Word for word, please copy the listing below, with its pictures left out.

☆ ☆ ☆ ☆

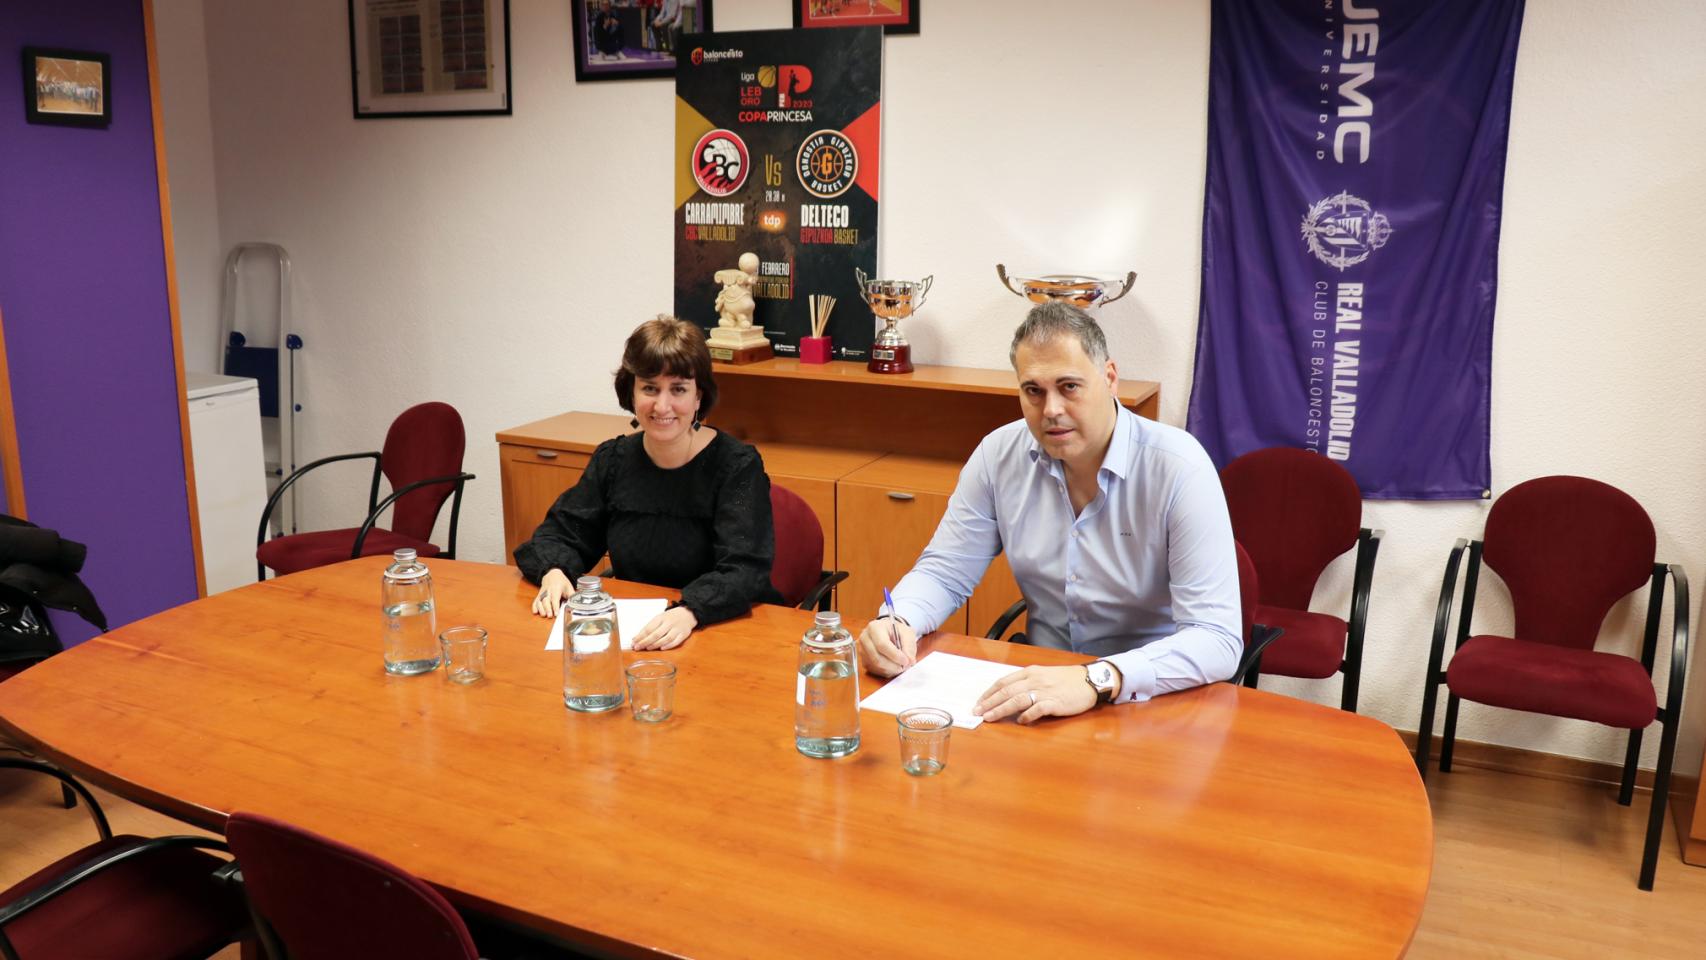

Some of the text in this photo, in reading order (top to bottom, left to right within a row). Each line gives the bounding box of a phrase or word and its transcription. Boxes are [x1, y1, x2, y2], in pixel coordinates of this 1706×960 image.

[741, 72, 755, 82] Liga
[740, 86, 762, 97] LEB
[741, 97, 760, 106] ORO
[811, 180, 843, 193] BASKET
[685, 202, 744, 225] CARRAMIMBRE
[764, 214, 781, 228] tdp
[801, 204, 849, 228] DELTECO
[761, 261, 790, 276] FEBRERO
[1313, 281, 1328, 321] CLUB
[1312, 329, 1326, 349] DE
[1327, 283, 1363, 461] REAL VALLADOLID

☆ ☆ ☆ ☆

» **Task solution**
Some of the text in this photo, in reading order (top to bottom, left to right within a row). Each line gives the bounding box of a phrase or word and its transcription. Boxes are [x1, y1, x2, y2], in pixel coordinates of this 1706×960 image.

[741, 72, 755, 82] Liga
[740, 86, 762, 97] LEB
[741, 97, 760, 106] ORO
[811, 180, 843, 193] BASKET
[685, 202, 744, 225] CARRAMIMBRE
[764, 214, 781, 228] tdp
[801, 204, 849, 228] DELTECO
[761, 261, 790, 276] FEBRERO
[1313, 281, 1328, 321] CLUB
[1312, 329, 1326, 349] DE
[1327, 283, 1363, 461] REAL VALLADOLID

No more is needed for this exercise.